At night, he’d sweat so profusely that it woke him up. It was as if someone had sprayed a hose onto the bed. “You know how guys tend to do it: ignore and deny until you can’t do that anymore,” he says. “But I just had a sense that something was off.”
Two or three weeks after his symptoms emerged, Paul went to his primary care physician, who ordered a battery of tests. The CT scans of his head, chest and vital organs came back negative, but his platelet count was disturbingly low, so he was referred to a hematologist. On Aug. 14, that doctor ran blood tests and told Paul he needed a second round of lab work a few days later. His theory was that Paul was suffering from some sort of virus. Paul was scheduled to return to the hematologist on Aug. 17. As he was leaving his office early that Thursday to get to the appointment, his phone rang.
I’m sorry to tell you this, the doctor said, but it’s cancer.
“He emphasized that it’s curable,” Paul recalls, “but I was pretty freaked out and scared.”
Julie was also shocked when she learned of Paul’s condition, but she was determined to downplay it to her sons, the same strategy she’d taken several years earlier when she had surgery for thyroid cancer. (She’s fine now.)
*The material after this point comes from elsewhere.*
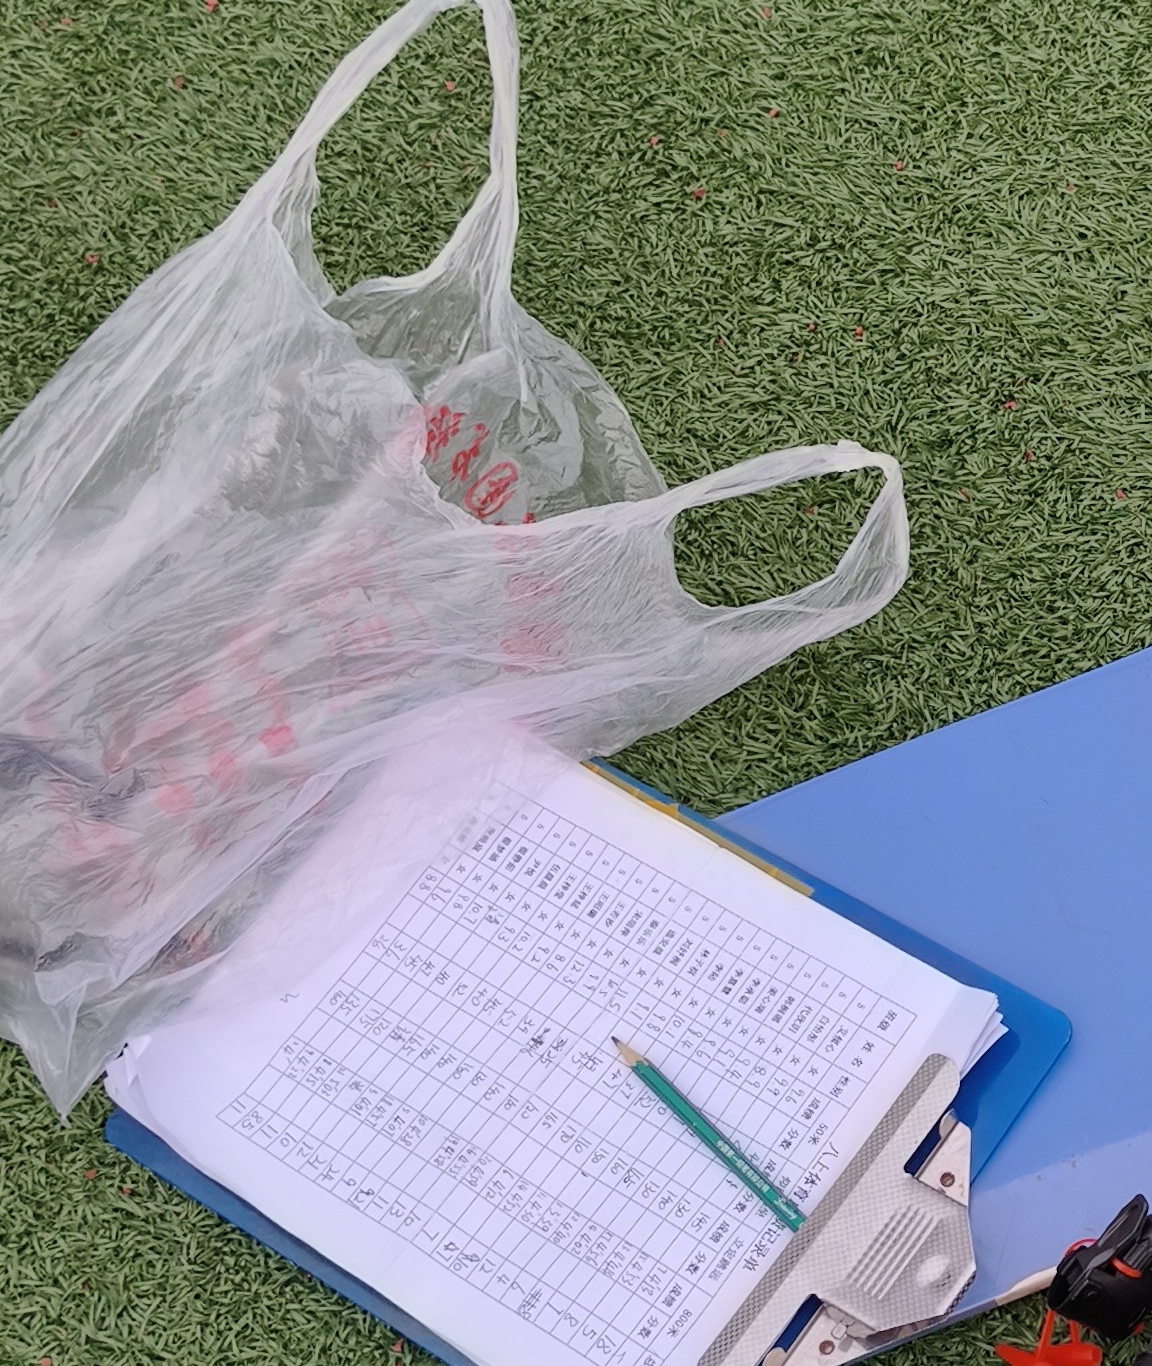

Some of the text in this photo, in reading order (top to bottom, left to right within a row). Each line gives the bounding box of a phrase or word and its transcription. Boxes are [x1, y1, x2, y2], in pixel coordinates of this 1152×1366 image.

“I just remember that I asked if he was going to be OK,” Stew says. “She said it was treatable.”
When Paul got home that night, the family huddled in the hallway near the front door. “He was really pale,” Stew says. “He walked in and it was like a big group hug.”
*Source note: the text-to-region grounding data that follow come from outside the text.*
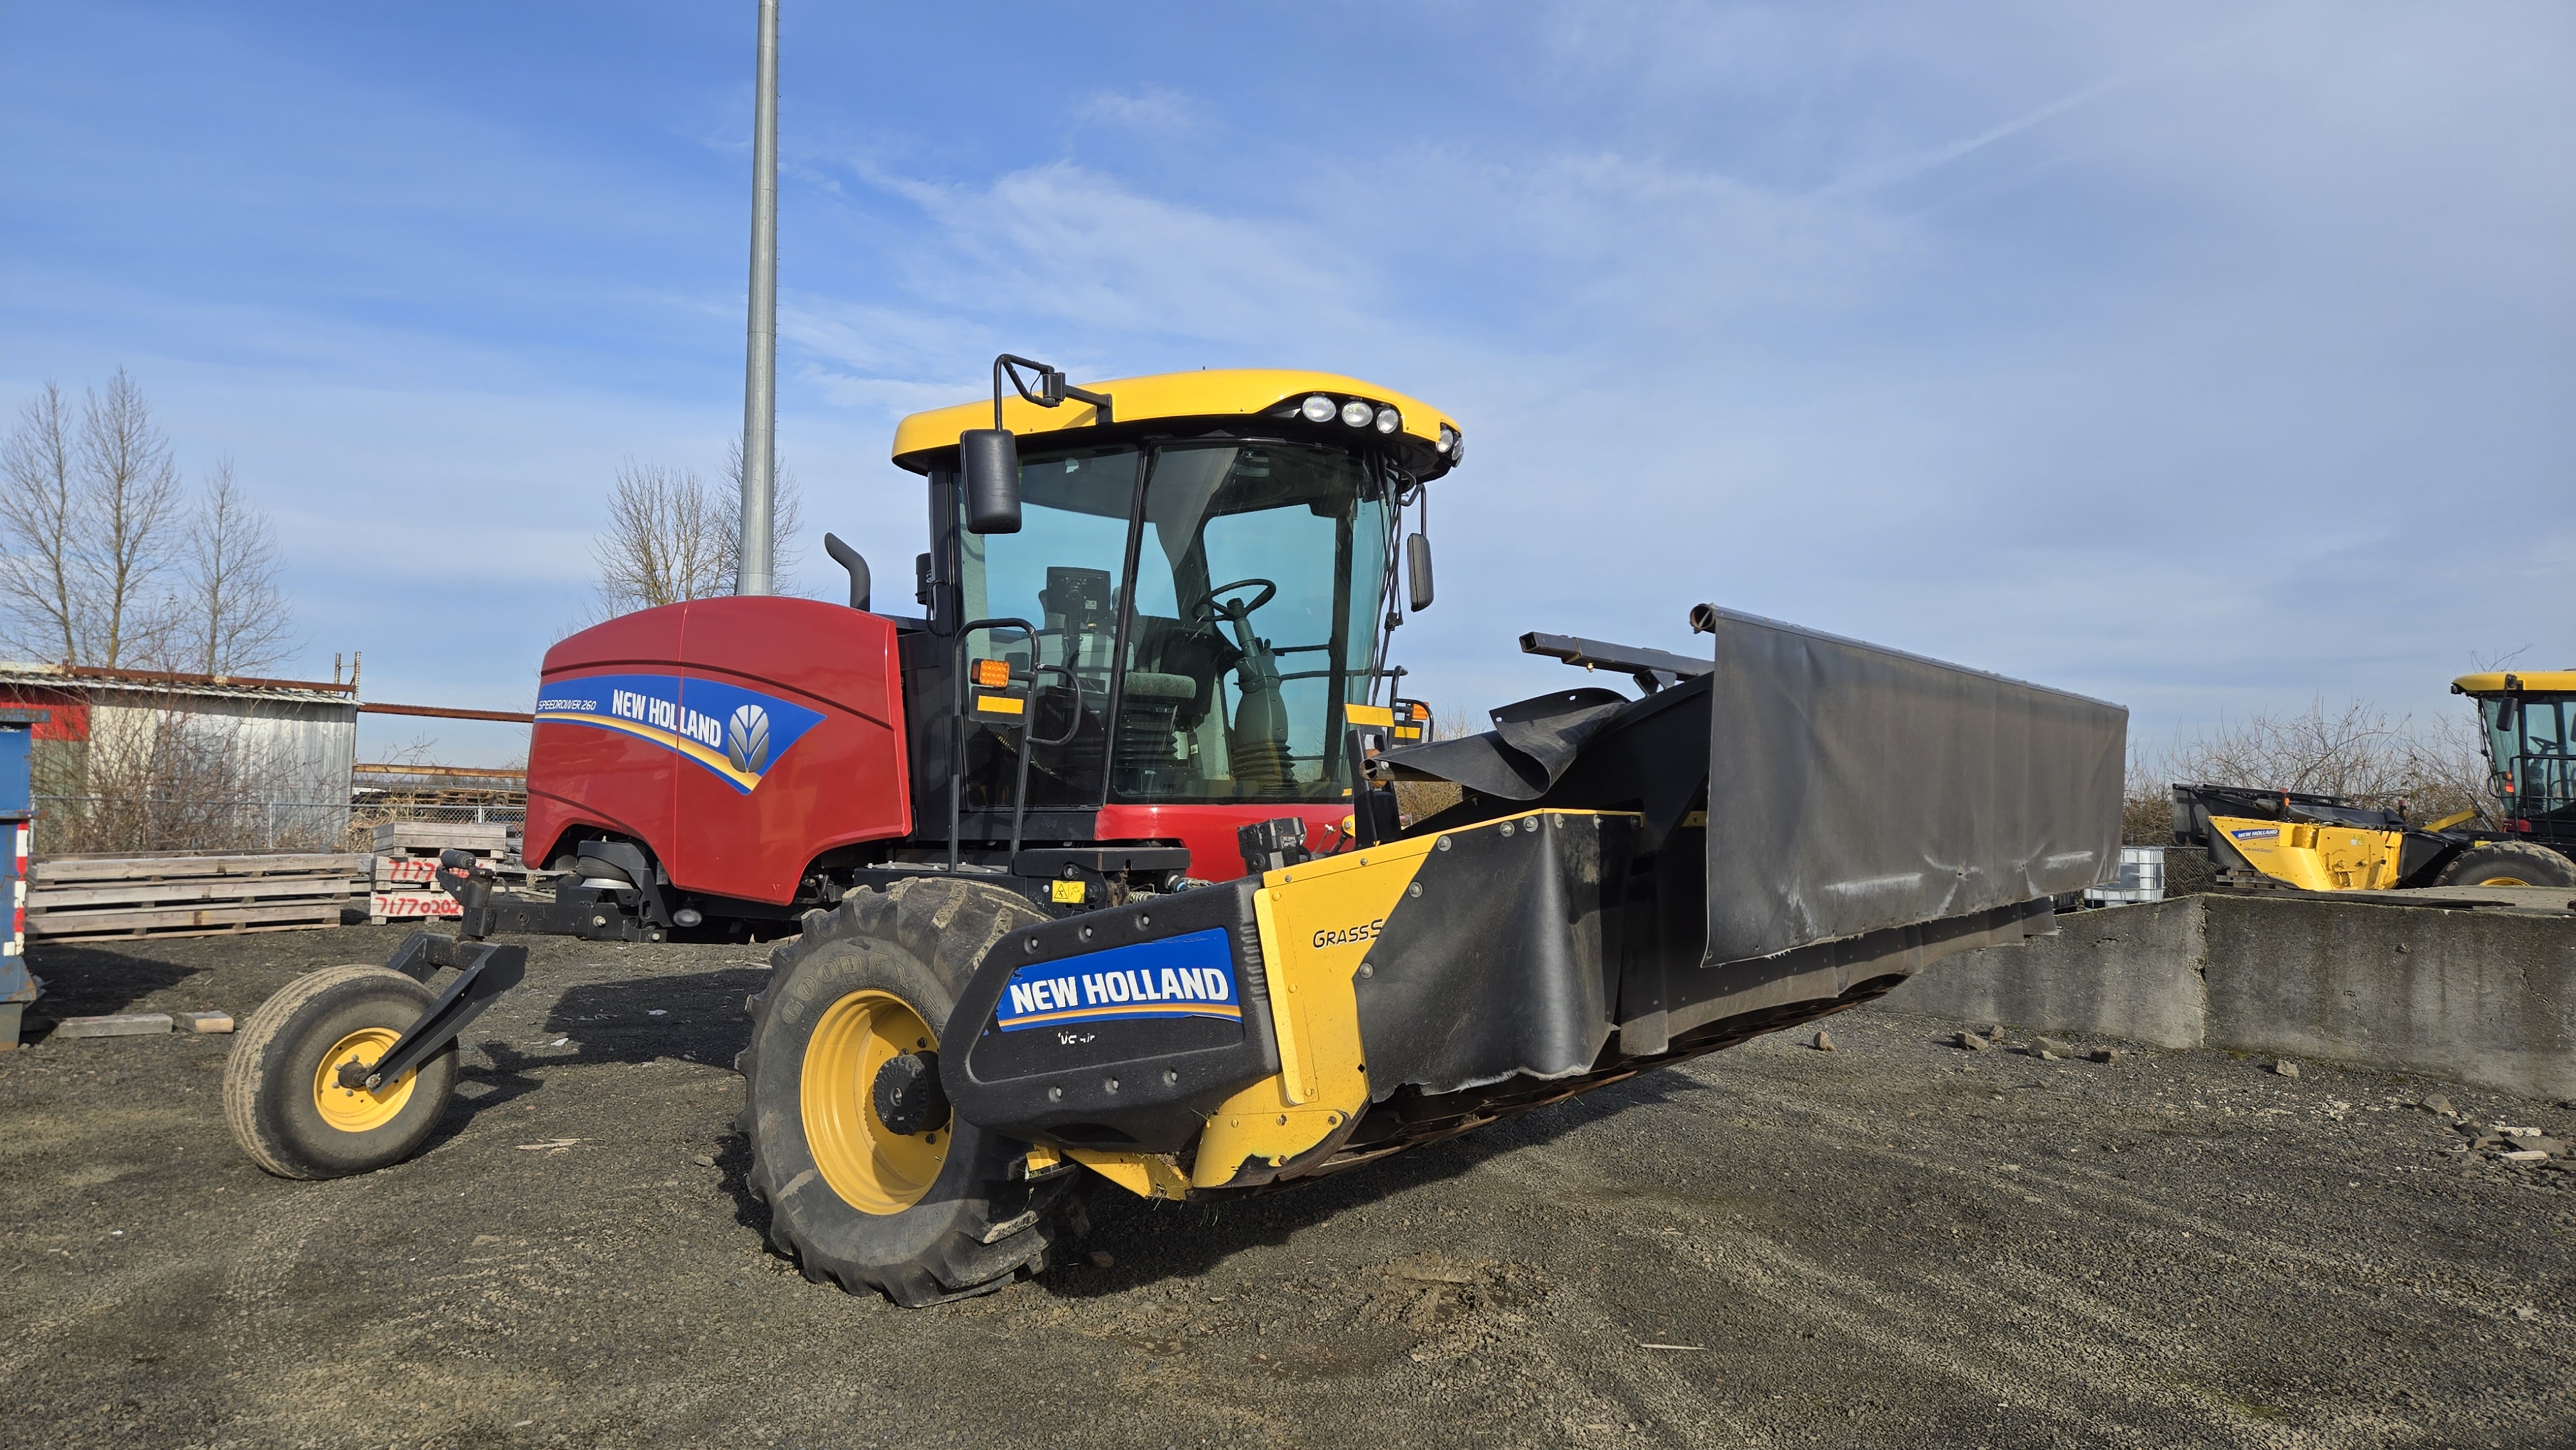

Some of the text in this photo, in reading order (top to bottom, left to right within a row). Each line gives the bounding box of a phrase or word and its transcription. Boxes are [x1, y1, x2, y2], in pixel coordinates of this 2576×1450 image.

[538, 699, 597, 710] SPEEDROWER 260
[612, 689, 722, 748] NEW HOLLAND
[375, 897, 464, 914] 71770202
[1313, 919, 1383, 948] GRASSS
[781, 950, 945, 1034] GOODYE
[1010, 967, 1229, 1015] NEW HOLLAND
Later that night, instead of packing for a beach vacation the family was supposed to leave for the next day, Paul checked into Johns Hopkins
Hospital in Baltimore to begin a 30-day inpatient program of induction chemotherapy to treat acute myelogenous leukemia (AML), an aggressive cancer of the white blood cells.
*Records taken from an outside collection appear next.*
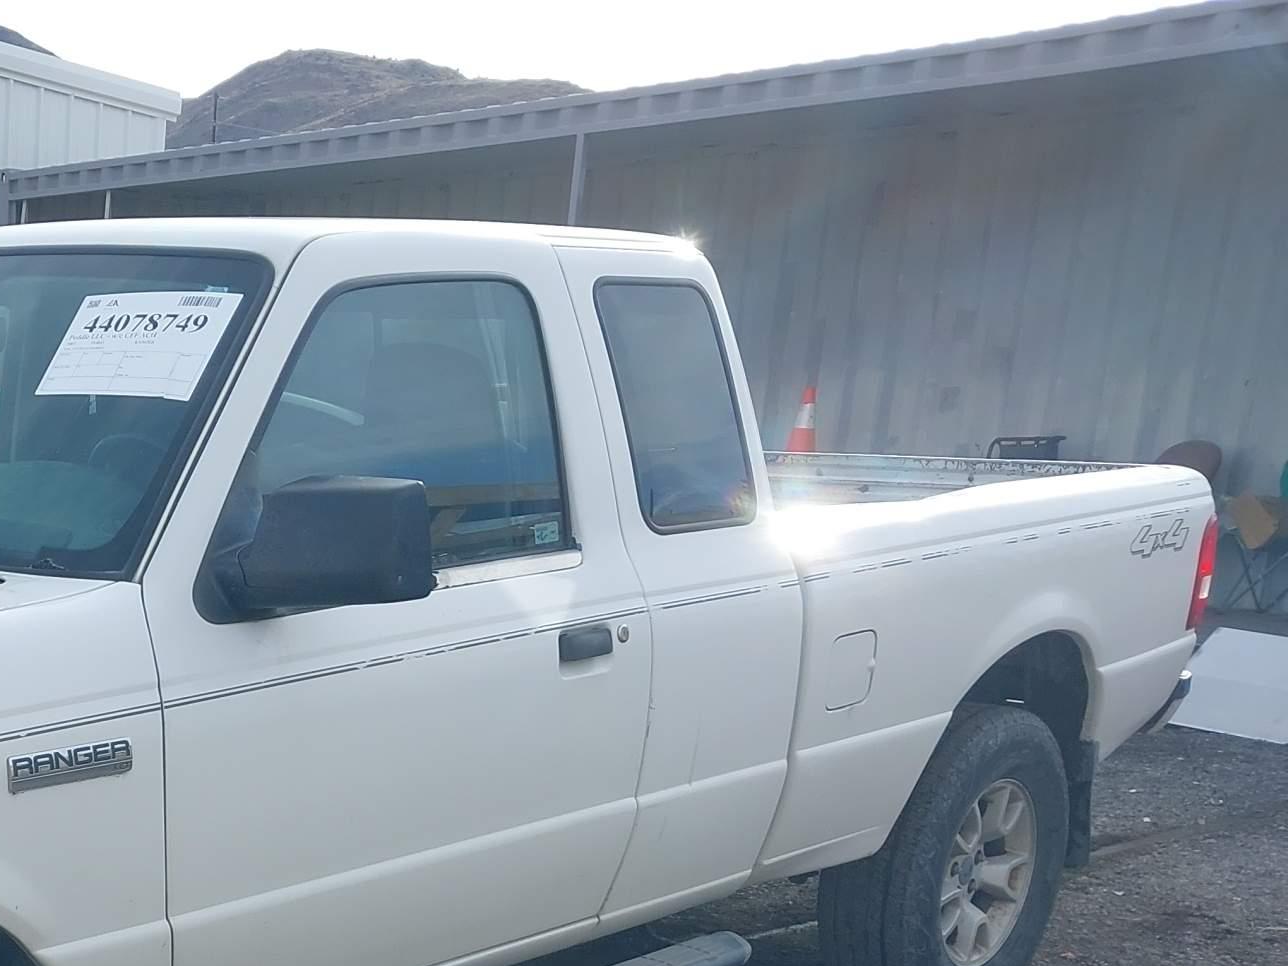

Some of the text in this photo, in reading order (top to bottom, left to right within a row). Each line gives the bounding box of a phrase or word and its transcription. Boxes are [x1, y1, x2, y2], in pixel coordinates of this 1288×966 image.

[83, 313, 209, 333] 44078749
[1129, 518, 1190, 559] 4x4
[12, 739, 131, 777] RANGER
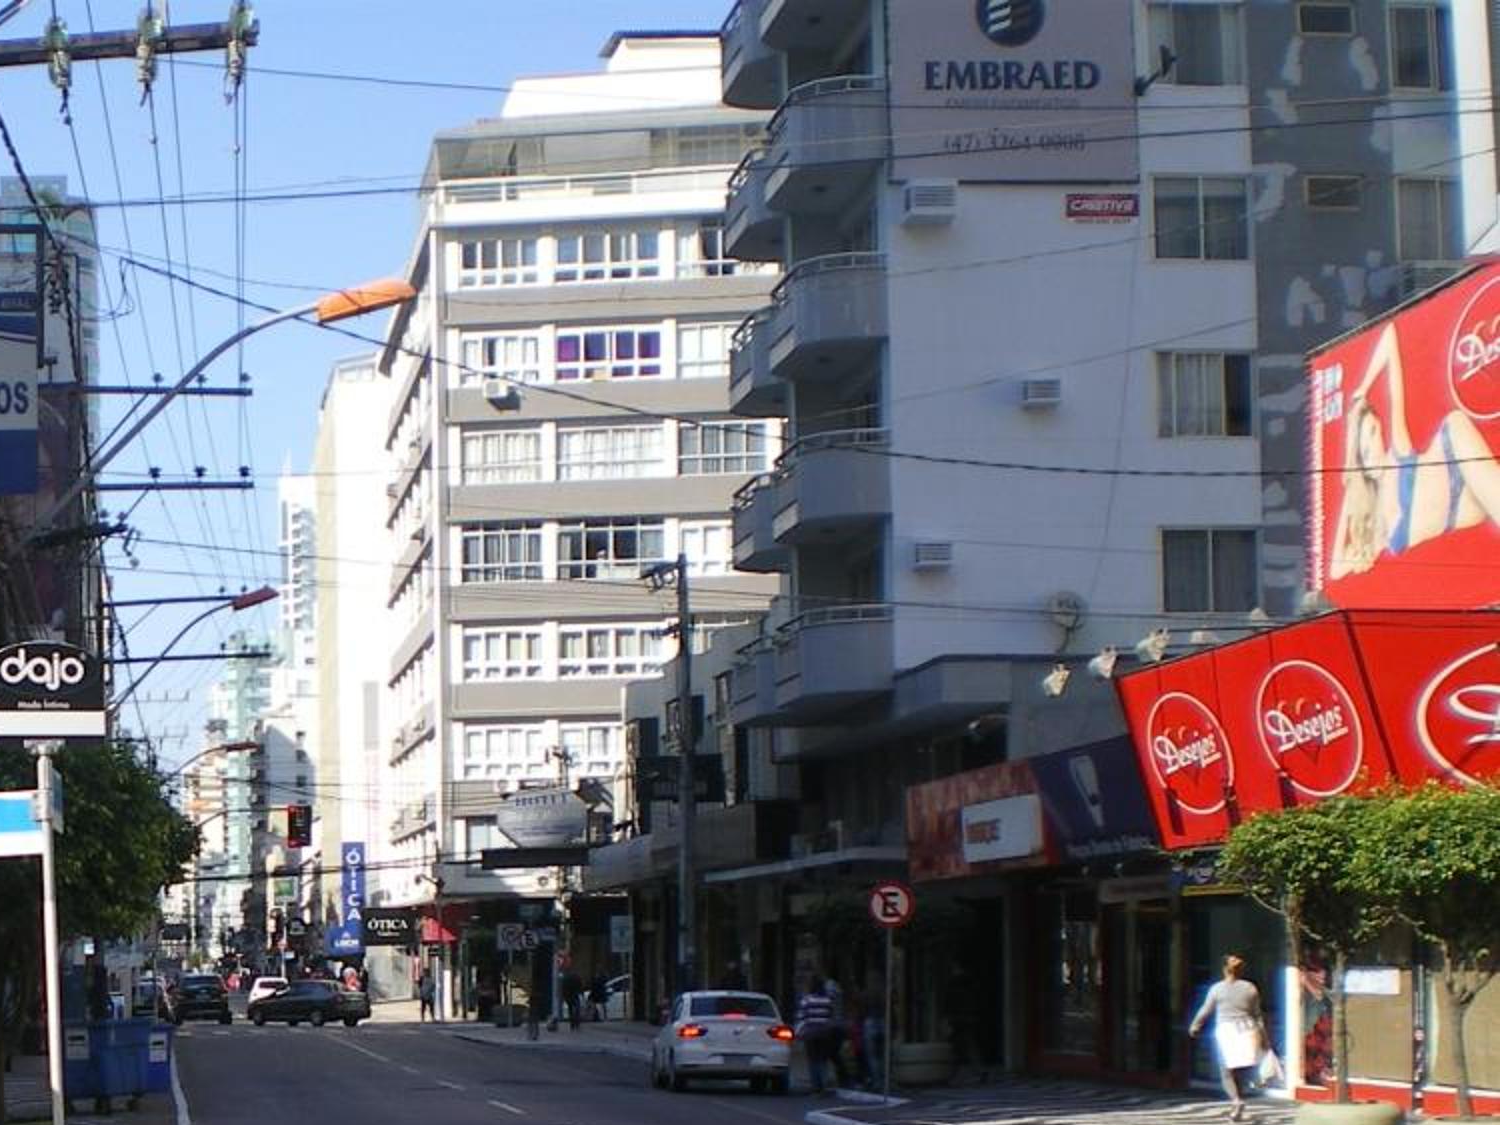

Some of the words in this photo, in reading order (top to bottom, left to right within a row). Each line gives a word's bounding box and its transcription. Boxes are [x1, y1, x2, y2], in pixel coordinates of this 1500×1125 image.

[924, 60, 1100, 91] EMBRAED
[0, 648, 85, 691] dajo
[1265, 704, 1349, 752] Desejos
[345, 847, 362, 921] ÓTICA
[367, 917, 409, 930] ÓTICA
“[AML] has several consequences,” says one of Paul’s physicians, Dr. Jonathan Webster, an assistant professor of oncology at the Sidney Kimmel Comprehensive Cancer Center at Johns Hopkins. “When the white blood cells don’t function properly, you get infections. Because the white blood cells are growing out of control, it actually squeezes out production of other things that the bone marrow does, so as a result you don’t make red blood cells and you don’t make platelets. When you don’t make red blood cells, you become anemic to the point that you need blood transfusions. If you become too anemic, you can die.”
Without treatment, AML can prove fatal in a matter of days or months. The five-year survival rate is about 40%, according to Webster. However, once someone reaches five years without leukemia, they very rarely relapse, he says.
Following a painful bone marrow biopsy that Paul describes as “torture beyond your wildest imagination, but mercifully short,” doctors implanted a port in one of his veins and delivered chemotherapy drugs (primarily cytarabine and idarubicin) intravenously. He also was given a host of antibiotics, anti-fungals, anti-virals and anti-nauseas. “You had to go to the bathroom a lot, you didn’t want to eat a lot, you didn’t want to get up a lot,” he says. “You started seeing strange rashes form on your body. You kind of get your butt kicked.”